That's what direct outs are good for.
I don't have any brilliant ideas for you right now.
I'll get back to you after I have a good traditional thin crust NY style hot pie.


----------



## Eboy87 (Nov 20, 2007)

What all in the band do you have mic'd? Just set up a mix on your channel auxes, say, aux 1 or 2, and route them to the various reverb units.

With those processors, you should be able to get 4 stereo 'verbs, or 8 mono, though I've never run an efx unit mono before. Add to taste. Oh, a few things to check, make sure the efx auxs on the return channels are all the way down, or you'll get nasty feedback. Also, and it's been awhile since I've used those processors, make sure their output is set 100% wet, otherwise you'll get some weird delay cancellations. And careful with the comps, if you can hear them working, it's too much compression.

And the extraneous comment, pizza should be served on a cracker thin crust.

If at all possible, could you post your input list?


----------



## jkowtko (Nov 20, 2007)

I'm not concerned about the board wiring -- I think I've got that covered:
- Mackie CFX boards, so unfortunately not that many buses to work with
- no direct outs ... the inserts are being used by the gate/compressors
- EFX1 and EFX2 (essentially Aux3 and Aux4) are the sends
- my last two stereo faders on the board are the returns
- yes I will be careful not to create an AUX loop!

Channel lineup as planned:
1) kick (EV RE20)
2) snare (Sennheiser 421)
3) tom (sm57)
4) tom (sm57)
5) tom (sm57 - this one may be optional)
6) hihat (Sennheiser 421)
7) ride or overhead (AT Pro37R)
8) crash or overhead (AT Pro37R)

The decision on cymbals vs overheads will be based on other percussion that needs to be picked up.

Gate/compressor on all above 8 channels (I have four DBX 266XLs)

9) keyboard (line out)
10) sax (sm57)
11) guitar (sm57)
12) bass (sm57)

Not 100% sure of the order of the last four ... 
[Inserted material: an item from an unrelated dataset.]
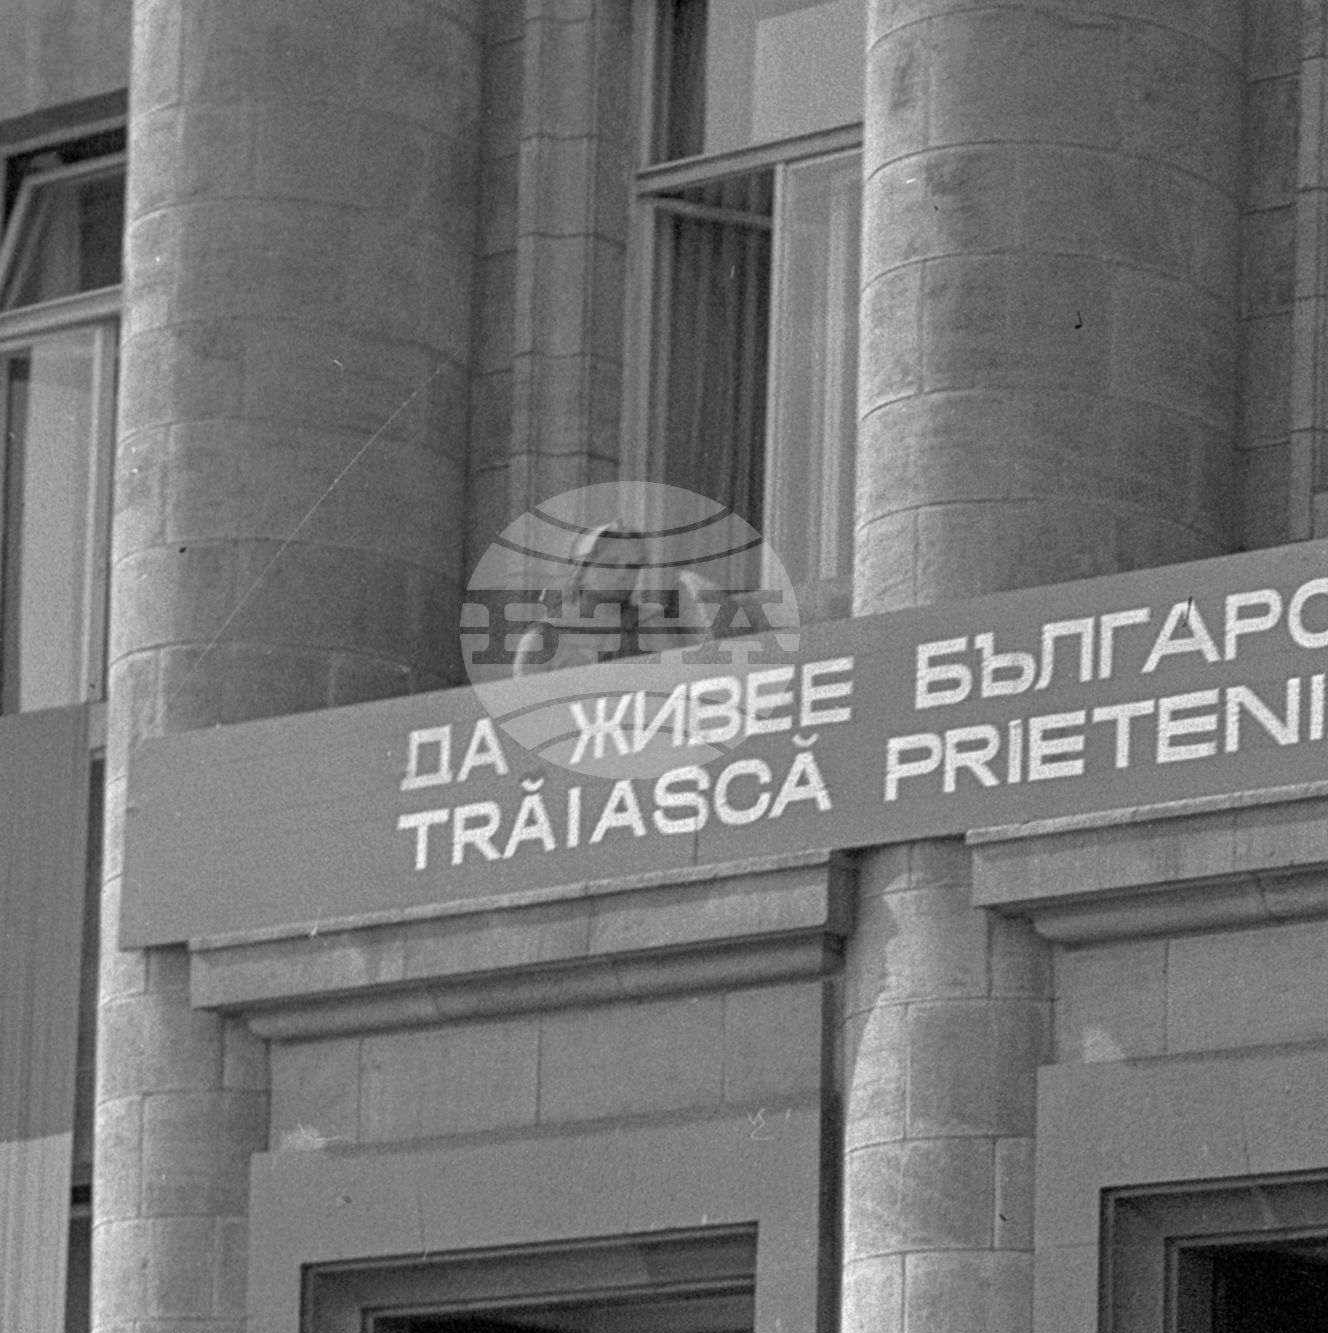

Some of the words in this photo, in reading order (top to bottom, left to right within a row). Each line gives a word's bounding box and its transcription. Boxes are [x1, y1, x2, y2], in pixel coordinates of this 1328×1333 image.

[399, 718, 509, 791] ДА
[569, 656, 855, 765] ЖИВЕЕ
[398, 733, 833, 870] TRĂIASCĂ
SO, my real question is on musical content, i.e. where do you usually apply reverb on bands, and what types of reverb are commonly used? Hopefully the above gives you enough info to form some good opinions 

Thanks. John


----------



## Eboy87 (Nov 20, 2007)

Personally, I use a medium hall with a medium decay (don't have a unit in front of me, and I can't remember how many milliseconds) with snare as the most, then toms, HH, and a skosh amount of overhead (I prefer overheads for drums, blends nicer IMO). Usually, I don't worry about adding guitar, 'cause they usually have some sort of reverb on their amp, unless it's acoustic, then I add a bit. I've never worked with sax, but try it out and see how you like it. 
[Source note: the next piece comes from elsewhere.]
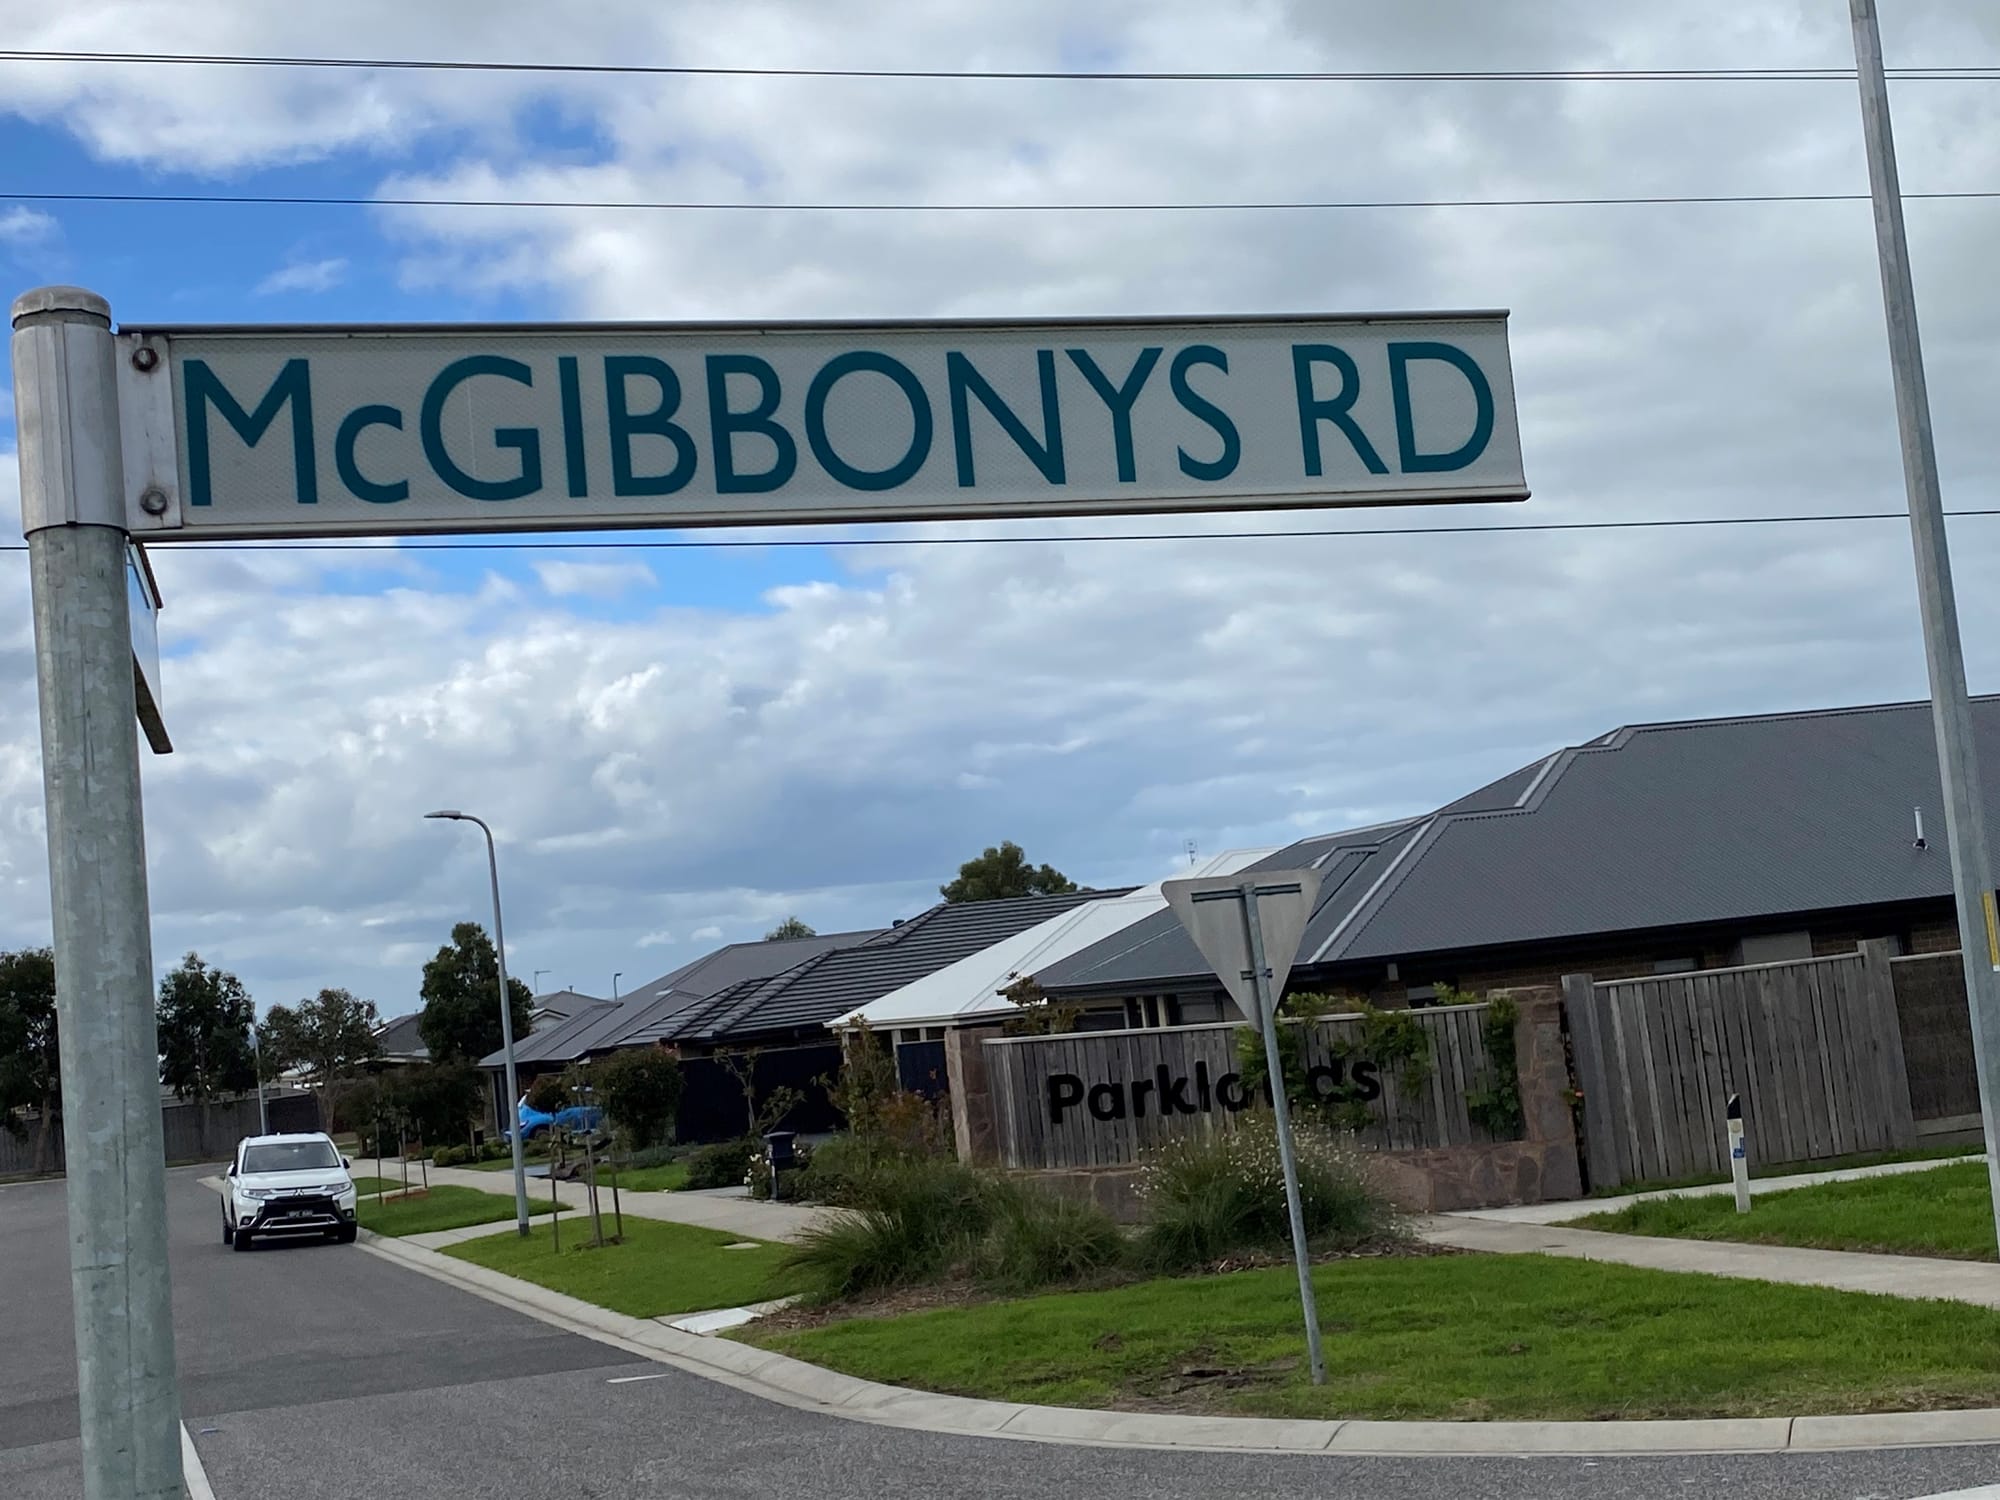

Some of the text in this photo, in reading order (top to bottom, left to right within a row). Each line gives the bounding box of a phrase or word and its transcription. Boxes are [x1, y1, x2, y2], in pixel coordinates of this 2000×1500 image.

Don't overpower the original signal with the reverb, as I'm sure you know. I like it to add depth and atmosphere, but I want the original source to punch through. Just start mixing and adding things and see what you like.


----------



## avkid (Nov 20, 2007)

jkowtko said:


> I'm not concerned about the board wiring -- I think I
> - no direct outs ... the inserts are being used by the gate/compressors
> Channel lineup as planned:
> 1) kick (EV RE20)
> ...


Are you pulling my leg?


----------



## jkowtko (Nov 20, 2007)

avkid said:


> Are you pulling my leg?



No, that's what we have to use for the show. Something wrong with it?


----------



## avkid (Nov 20, 2007)

jkowtko said:


> No, that's what we have to use for the show. Something wrong with it?


Kind of uncommon.
Definitely violates K.I.S.S.

Admittedly, I used to be like that too, all willy nilly with processors.
I have been taught the error of my ways.
I will occasionally gate a kick(20% of the time) other than that, no dynamic processing on percussion.
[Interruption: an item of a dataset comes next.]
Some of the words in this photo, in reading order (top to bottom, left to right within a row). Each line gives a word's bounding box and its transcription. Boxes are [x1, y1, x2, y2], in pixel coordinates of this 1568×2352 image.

You would be amazed at the difference.


----------



## jkowtko (Nov 20, 2007)

I thought specifically the noise gates are needed on the drum mics to avoid phase interference and bleed over when you have that many mics close together. On a digital board I heard you just gate everything, then compress based on the dynamic range of each instrument. I also heard you EQ by first setting high and low shelf, then adjust to taste -- for each input. Basically with the intention of isolating each mic pickup so it mainly only hears the specific instrument it's being pointed at, and then allowing you to balance the mix as you see fit.

Although I've never studied them closely up until now, I've heard sloppy drums and not so sloppy drums. But I never heard anything as tight and clean sounding as on the Jersey Boys set at the Curran Theater in SF. So I figure if they can do it, why can't I? Our mics are decent, no? Our drummer is very good (he's the resident music director and a very accomplished musician/conductor/composer -- worked with some very large names over the years). Our PA system is is sounding pretty good since the last placement adjustment. Our boards are low-end, but hopefully that won't blow it for us. If it does I may go out and pick up an 01v96 or GL2200 to help alleviate that weak spot (since I will do that some day anyway)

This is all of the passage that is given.